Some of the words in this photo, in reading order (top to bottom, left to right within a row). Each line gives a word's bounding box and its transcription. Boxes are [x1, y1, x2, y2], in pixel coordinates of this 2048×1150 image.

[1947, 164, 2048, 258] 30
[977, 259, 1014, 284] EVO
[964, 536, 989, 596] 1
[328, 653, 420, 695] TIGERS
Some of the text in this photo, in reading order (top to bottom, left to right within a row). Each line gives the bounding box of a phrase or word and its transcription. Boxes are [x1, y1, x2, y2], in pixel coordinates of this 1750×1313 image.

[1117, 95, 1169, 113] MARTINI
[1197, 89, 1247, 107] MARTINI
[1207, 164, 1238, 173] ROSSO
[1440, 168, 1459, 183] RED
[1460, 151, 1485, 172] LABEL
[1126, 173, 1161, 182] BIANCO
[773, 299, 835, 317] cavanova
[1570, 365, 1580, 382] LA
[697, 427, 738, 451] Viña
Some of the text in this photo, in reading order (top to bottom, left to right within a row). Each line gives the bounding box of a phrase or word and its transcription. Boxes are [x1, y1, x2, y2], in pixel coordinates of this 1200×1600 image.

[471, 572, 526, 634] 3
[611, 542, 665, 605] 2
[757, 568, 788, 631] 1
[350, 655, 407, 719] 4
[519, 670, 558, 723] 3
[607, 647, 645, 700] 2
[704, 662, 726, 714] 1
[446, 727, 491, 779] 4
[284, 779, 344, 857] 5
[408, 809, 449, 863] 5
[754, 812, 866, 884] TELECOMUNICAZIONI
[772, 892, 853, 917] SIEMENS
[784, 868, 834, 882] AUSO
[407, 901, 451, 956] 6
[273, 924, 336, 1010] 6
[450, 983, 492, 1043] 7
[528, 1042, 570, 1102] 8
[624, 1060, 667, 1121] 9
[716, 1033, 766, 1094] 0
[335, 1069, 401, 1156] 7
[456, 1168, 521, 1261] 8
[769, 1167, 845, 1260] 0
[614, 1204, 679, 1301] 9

ABOUT THIS EXERCISE:
Would you copy out all the entries above without changing a single character?

THE ANSWER:
Some of the words in this photo, in reading order (top to bottom, left to right within a row). Each line gives a word's bounding box and its transcription. Boxes are [x1, y1, x2, y2], in pixel coordinates of this 2048×1150 image.

[1947, 164, 2048, 258] 30
[977, 259, 1014, 284] EVO
[964, 536, 989, 596] 1
[328, 653, 420, 695] TIGERS
Some of the text in this photo, in reading order (top to bottom, left to right within a row). Each line gives the bounding box of a phrase or word and its transcription. Boxes are [x1, y1, x2, y2], in pixel coordinates of this 1750×1313 image.

[1117, 95, 1169, 113] MARTINI
[1197, 89, 1247, 107] MARTINI
[1207, 164, 1238, 173] ROSSO
[1440, 168, 1459, 183] RED
[1460, 151, 1485, 172] LABEL
[1126, 173, 1161, 182] BIANCO
[773, 299, 835, 317] cavanova
[1570, 365, 1580, 382] LA
[697, 427, 738, 451] Viña
Some of the text in this photo, in reading order (top to bottom, left to right within a row). Each line gives the bounding box of a phrase or word and its transcription. Boxes are [x1, y1, x2, y2], in pixel coordinates of this 1200×1600 image.

[471, 572, 526, 634] 3
[611, 542, 665, 605] 2
[757, 568, 788, 631] 1
[350, 655, 407, 719] 4
[519, 670, 558, 723] 3
[607, 647, 645, 700] 2
[704, 662, 726, 714] 1
[446, 727, 491, 779] 4
[284, 779, 344, 857] 5
[408, 809, 449, 863] 5
[754, 812, 866, 884] TELECOMUNICAZIONI
[772, 892, 853, 917] SIEMENS
[784, 868, 834, 882] AUSO
[407, 901, 451, 956] 6
[273, 924, 336, 1010] 6
[450, 983, 492, 1043] 7
[528, 1042, 570, 1102] 8
[624, 1060, 667, 1121] 9
[716, 1033, 766, 1094] 0
[335, 1069, 401, 1156] 7
[456, 1168, 521, 1261] 8
[769, 1167, 845, 1260] 0
[614, 1204, 679, 1301] 9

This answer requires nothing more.